(Dataset items)
※

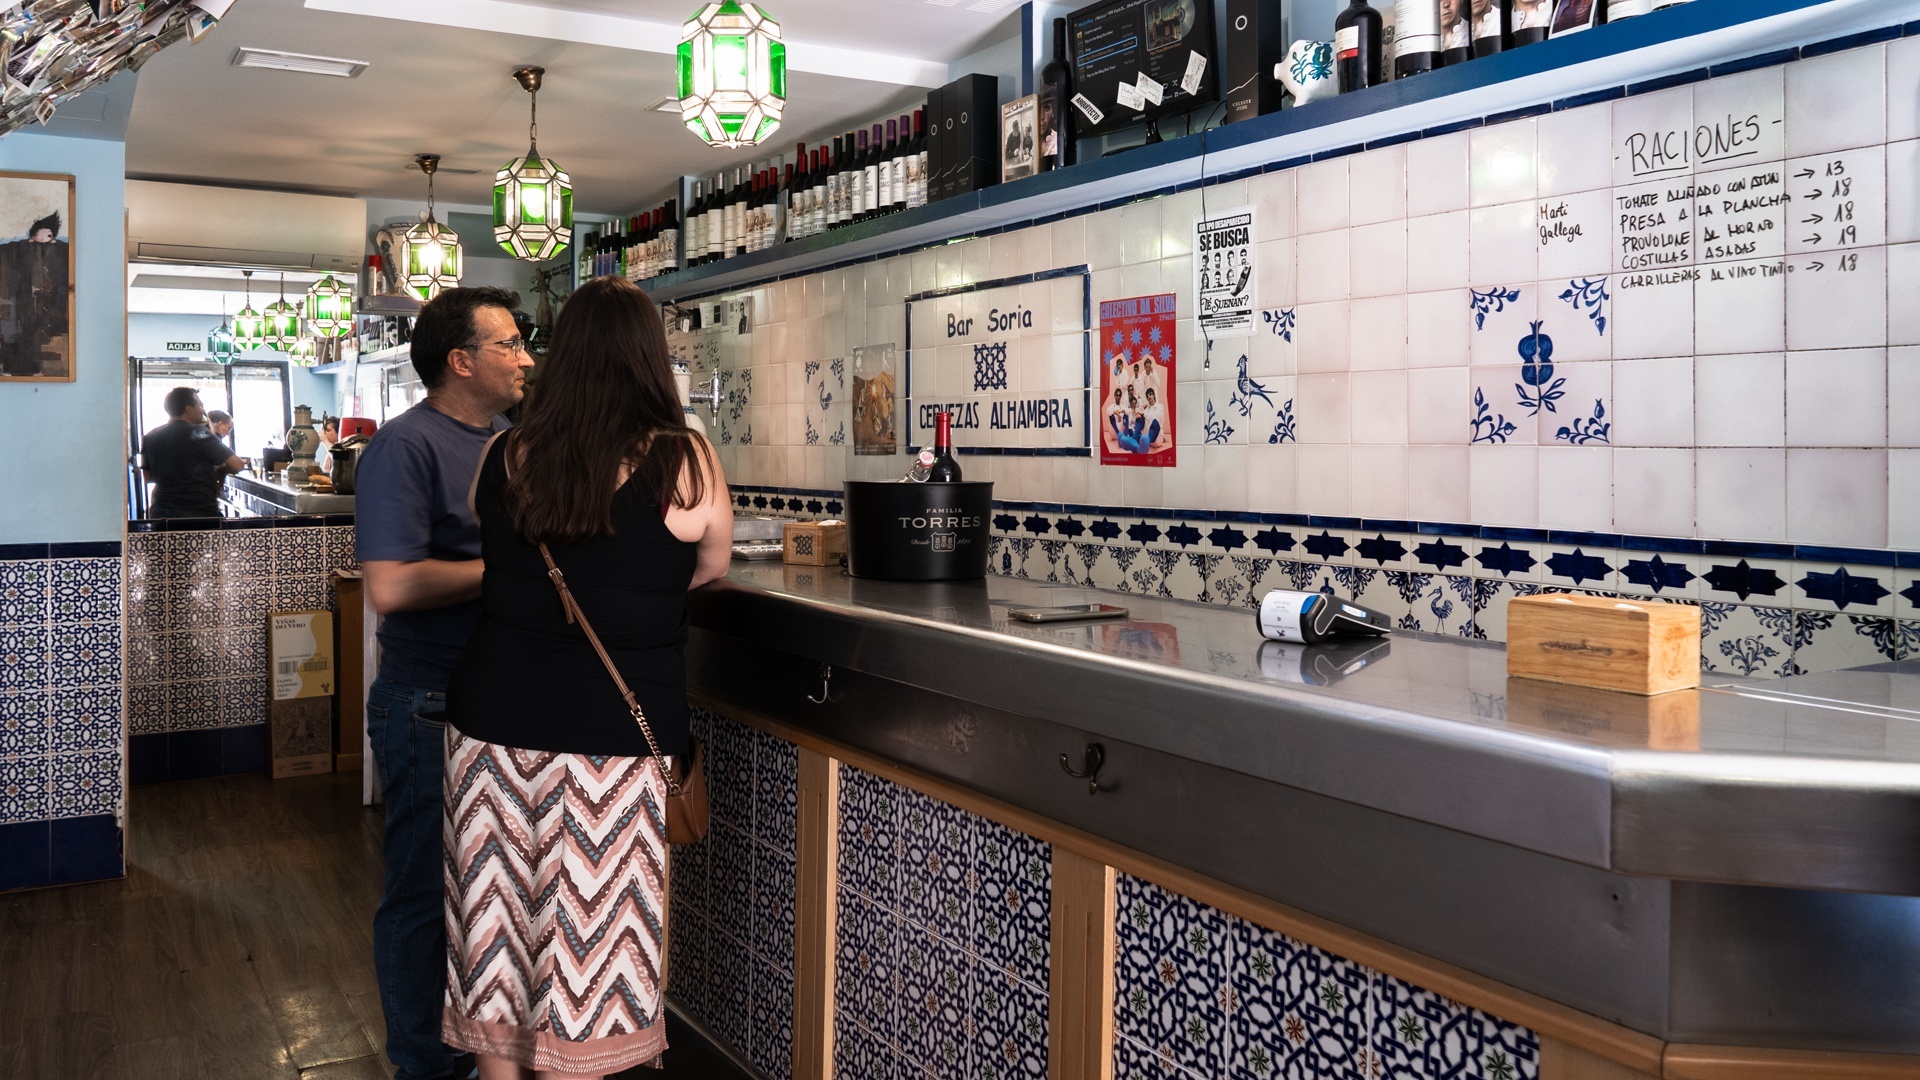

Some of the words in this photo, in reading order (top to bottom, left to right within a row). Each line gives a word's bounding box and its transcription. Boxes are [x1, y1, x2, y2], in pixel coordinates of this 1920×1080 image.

[1076, 98, 1100, 120] ARQUITECTO
[1232, 99, 1252, 107] CELESTE
[1728, 177, 1746, 192] CON
[1826, 160, 1845, 177] 13
[1620, 213, 1665, 234] PRESA
[1698, 204, 1713, 217] LA
[1723, 192, 1792, 214] PLANCHA
[1832, 177, 1852, 198] 18
[1200, 234, 1212, 252] SE
[1214, 227, 1249, 249] BUSCA
[1622, 231, 1690, 253] PROVOLONE
[1834, 200, 1854, 222] 18
[1622, 249, 1688, 270] COSTILLAS
[1705, 242, 1756, 260] ASADAS
[1838, 225, 1857, 244] 19
[1621, 269, 1701, 289] CARRILLERAS
[1838, 253, 1858, 272] 18
[947, 313, 973, 337] Bar
[988, 304, 1032, 332] Soria
[1101, 300, 1137, 319] COLECTIVO
[1140, 298, 1150, 314] DA
[1154, 295, 1175, 313] SILVA
[990, 398, 1072, 429] ALHAMBRA
[898, 516, 980, 528] TORRES
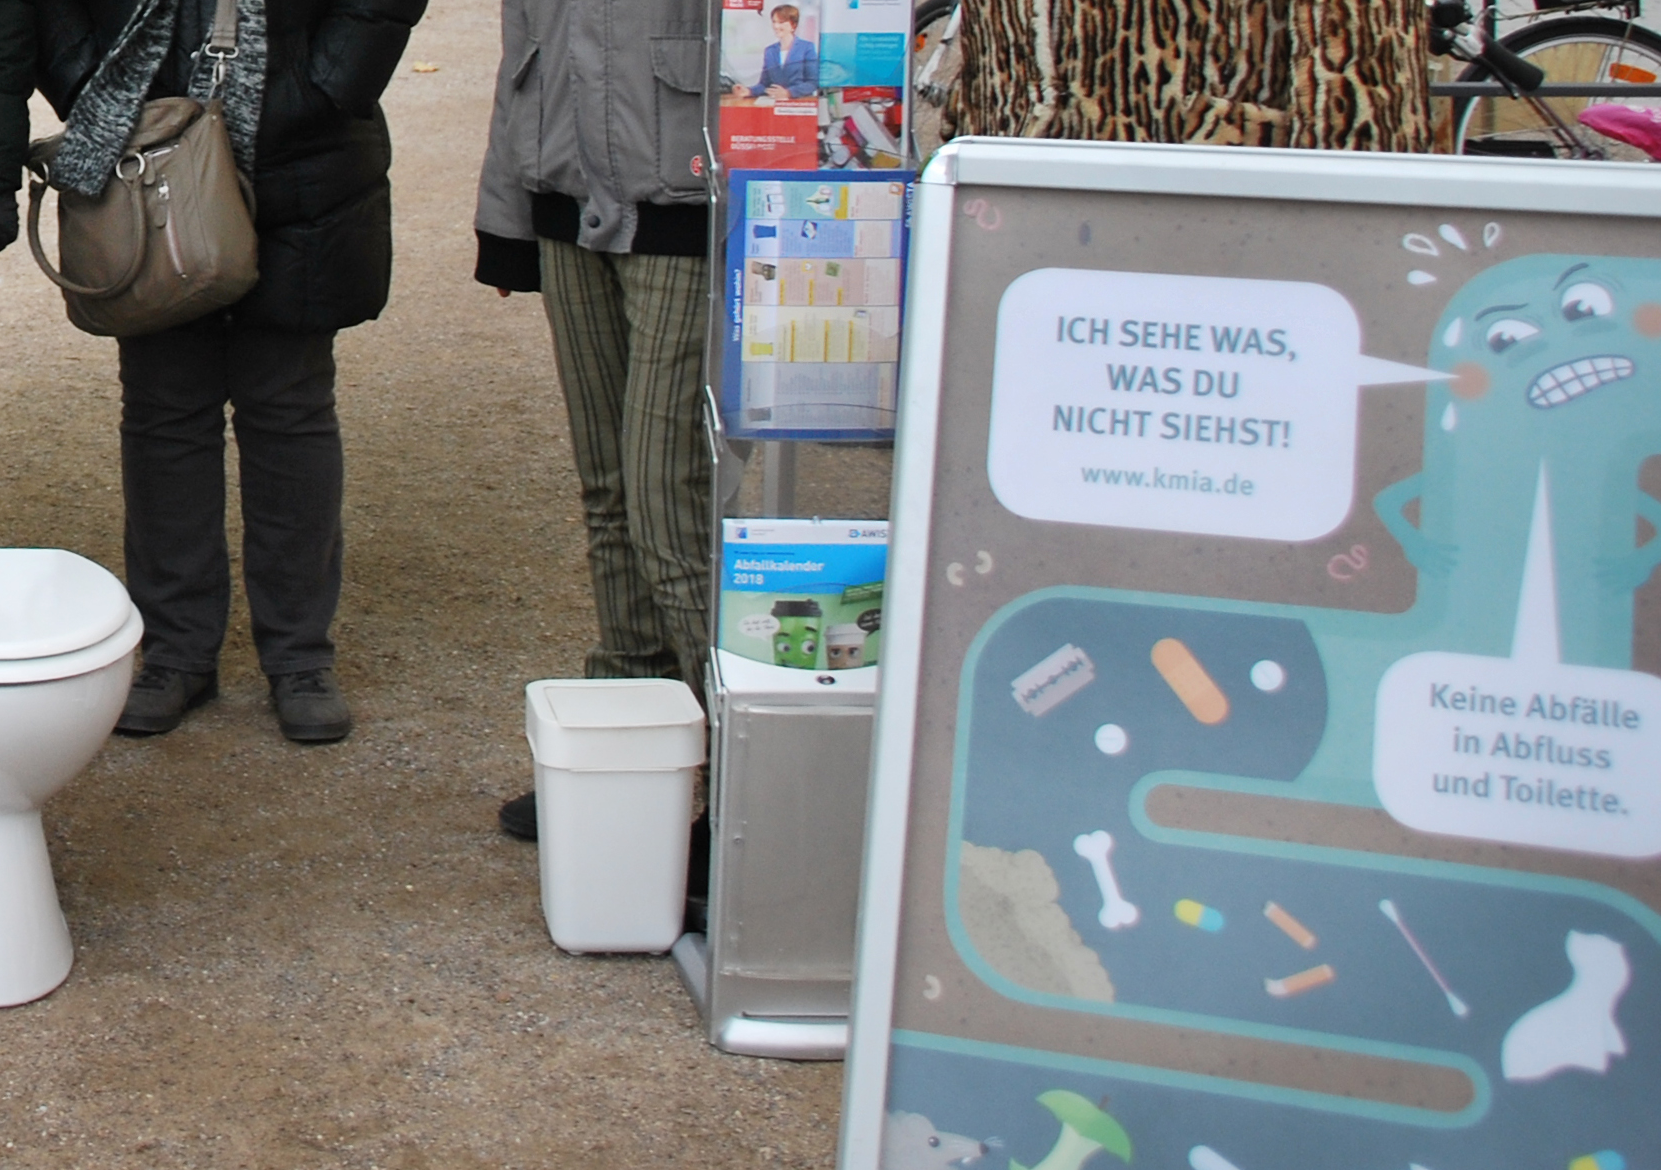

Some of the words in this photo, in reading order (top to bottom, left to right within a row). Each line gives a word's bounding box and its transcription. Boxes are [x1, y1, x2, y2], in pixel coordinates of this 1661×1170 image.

[1056, 316, 1110, 347] ICH
[1119, 318, 1202, 351] SEHE
[1210, 325, 1298, 363] WAS,
[1106, 363, 1183, 395] WAS
[1192, 368, 1240, 399] DU
[1052, 404, 1152, 440] NICHT
[1159, 412, 1292, 450] SIEHST!
[1080, 462, 1255, 497] www.kmia.de
[733, 573, 764, 585] 2018
[734, 558, 825, 572] Abfallkalender
[1429, 682, 1516, 717] Keine
[1524, 692, 1641, 730] Abfälle
[1452, 726, 1481, 755] in
[1489, 732, 1612, 770] Abfluss
[1432, 772, 1491, 799] und
[1499, 775, 1629, 816] Toilette.

※

- TASK TO CARRY OUT: The result should be every entry, word for word, and no pictures.

- RESPONSE BOX:
Some of the words in this photo, in reading order (top to bottom, left to right within a row). Each line gives a word's bounding box and its transcription. Boxes are [x1, y1, x2, y2], in pixel coordinates of this 1920×1080 image.

[1076, 98, 1100, 120] ARQUITECTO
[1232, 99, 1252, 107] CELESTE
[1728, 177, 1746, 192] CON
[1826, 160, 1845, 177] 13
[1620, 213, 1665, 234] PRESA
[1698, 204, 1713, 217] LA
[1723, 192, 1792, 214] PLANCHA
[1832, 177, 1852, 198] 18
[1200, 234, 1212, 252] SE
[1214, 227, 1249, 249] BUSCA
[1622, 231, 1690, 253] PROVOLONE
[1834, 200, 1854, 222] 18
[1622, 249, 1688, 270] COSTILLAS
[1705, 242, 1756, 260] ASADAS
[1838, 225, 1857, 244] 19
[1621, 269, 1701, 289] CARRILLERAS
[1838, 253, 1858, 272] 18
[947, 313, 973, 337] Bar
[988, 304, 1032, 332] Soria
[1101, 300, 1137, 319] COLECTIVO
[1140, 298, 1150, 314] DA
[1154, 295, 1175, 313] SILVA
[990, 398, 1072, 429] ALHAMBRA
[898, 516, 980, 528] TORRES

Some of the words in this photo, in reading order (top to bottom, left to right within a row). Each line gives a word's bounding box and its transcription. Boxes are [x1, y1, x2, y2], in pixel coordinates of this 1661×1170 image.

[1056, 316, 1110, 347] ICH
[1119, 318, 1202, 351] SEHE
[1210, 325, 1298, 363] WAS,
[1106, 363, 1183, 395] WAS
[1192, 368, 1240, 399] DU
[1052, 404, 1152, 440] NICHT
[1159, 412, 1292, 450] SIEHST!
[1080, 462, 1255, 497] www.kmia.de
[733, 573, 764, 585] 2018
[734, 558, 825, 572] Abfallkalender
[1429, 682, 1516, 717] Keine
[1524, 692, 1641, 730] Abfälle
[1452, 726, 1481, 755] in
[1489, 732, 1612, 770] Abfluss
[1432, 772, 1491, 799] und
[1499, 775, 1629, 816] Toilette.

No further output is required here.